%%
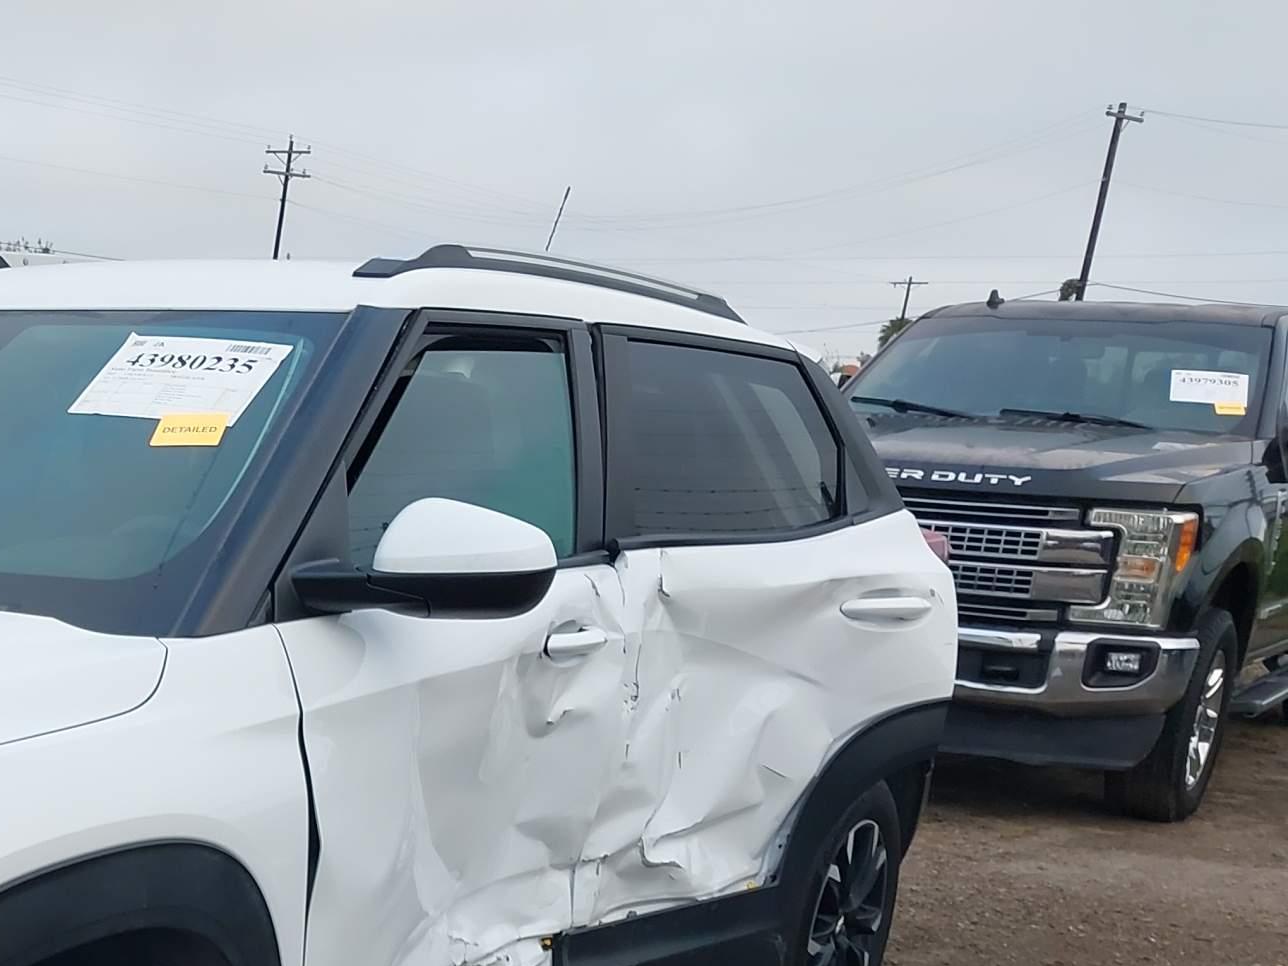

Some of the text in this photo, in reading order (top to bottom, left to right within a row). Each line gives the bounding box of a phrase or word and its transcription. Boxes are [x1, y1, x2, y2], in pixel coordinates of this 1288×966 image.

[125, 352, 258, 375] 43980235
[162, 425, 218, 434] DETAILED
[931, 470, 1032, 486] DUTY
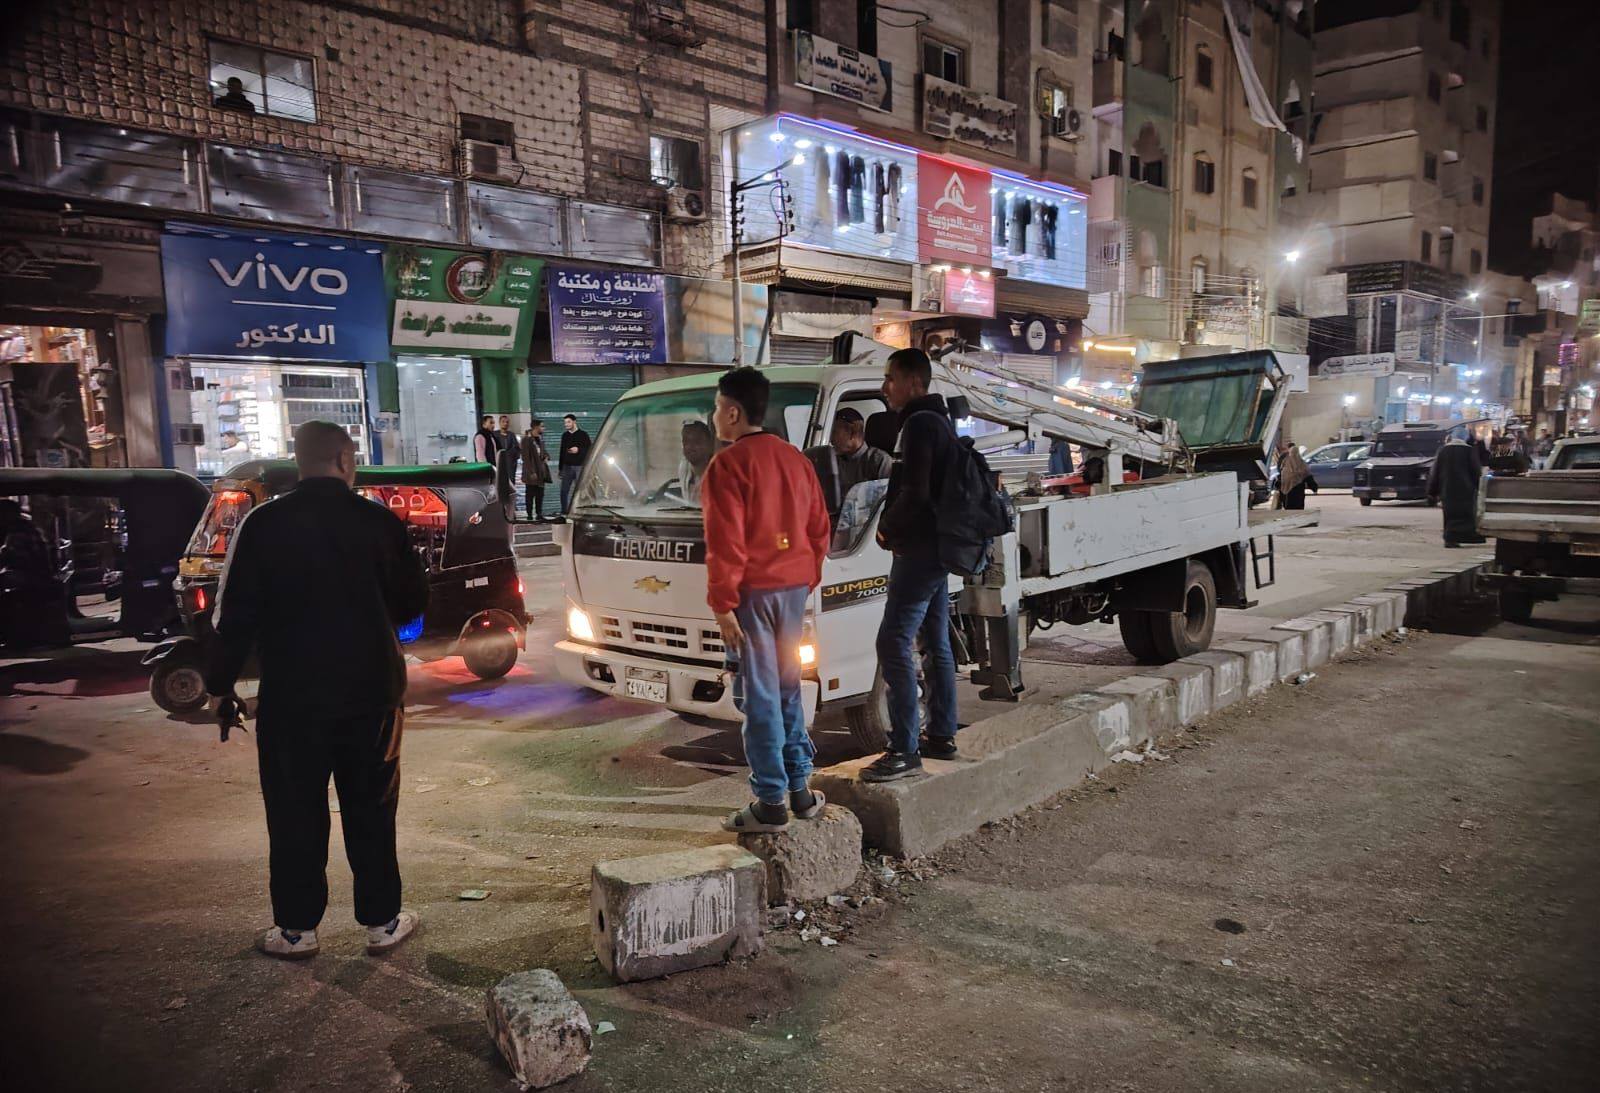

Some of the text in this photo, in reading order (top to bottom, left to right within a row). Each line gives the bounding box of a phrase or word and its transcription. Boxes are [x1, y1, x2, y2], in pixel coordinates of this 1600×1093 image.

[208, 252, 348, 296] vivo
[558, 272, 657, 297] مطبعة و مكتبة
[235, 323, 336, 348] الدكتور
[613, 538, 695, 562] CHEVROLET
[823, 577, 887, 597] JUMBO
[856, 586, 888, 599] 7000
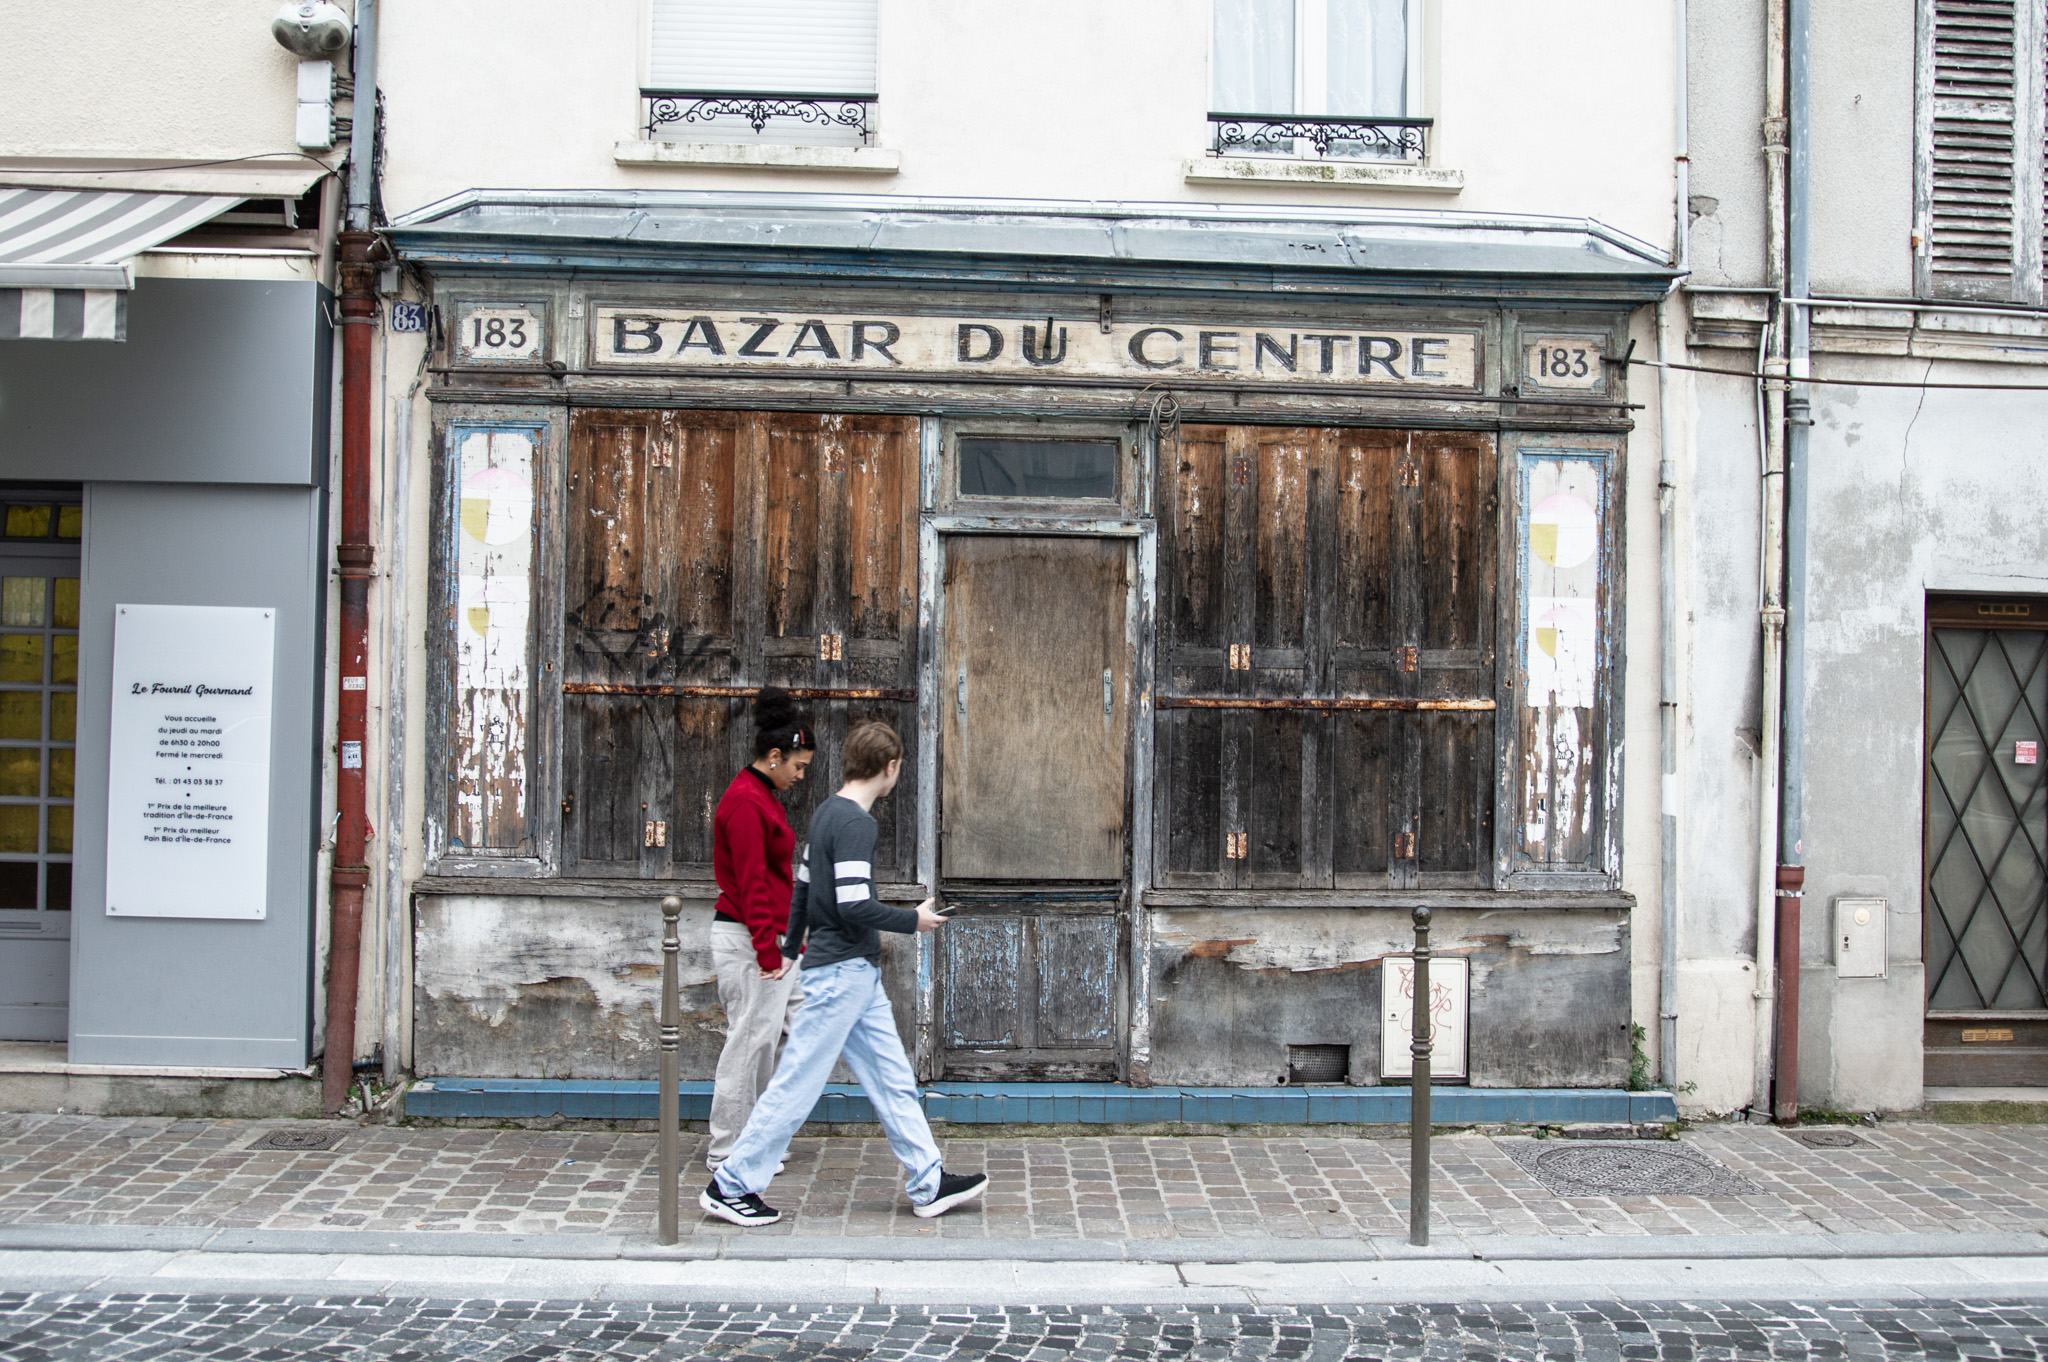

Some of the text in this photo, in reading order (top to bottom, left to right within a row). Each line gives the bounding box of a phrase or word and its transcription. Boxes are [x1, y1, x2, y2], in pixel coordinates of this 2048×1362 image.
%%
§ About this task: Without the pictures, extract every entry verbatim.

§ Reply:
Some of the text in this photo, in reading order (top to bottom, left to right within a row). Each line gives the bounding box of a phrase or word and its transcription. Boxes are [x1, y1, x2, y2], in pixel coordinates of this 1288×966 image.

[125, 352, 258, 375] 43980235
[162, 425, 218, 434] DETAILED
[931, 470, 1032, 486] DUTY

Some of the text in this photo, in reading order (top to bottom, left to right within a row). Each line gives the bounding box of a phrase or word and its transcription. Boxes are [x1, y1, x2, y2], in pixel coordinates of this 1600×1093 image.

[208, 252, 348, 296] vivo
[558, 272, 657, 297] مطبعة و مكتبة
[235, 323, 336, 348] الدكتور
[613, 538, 695, 562] CHEVROLET
[823, 577, 887, 597] JUMBO
[856, 586, 888, 599] 7000

Some of the text in this photo, in reading order (top to bottom, left to right within a row). Each line gives the bounding box of a phrase or word and its transcription. Boxes are [x1, y1, x2, y2], in pixel coordinates of this 2048×1362 image.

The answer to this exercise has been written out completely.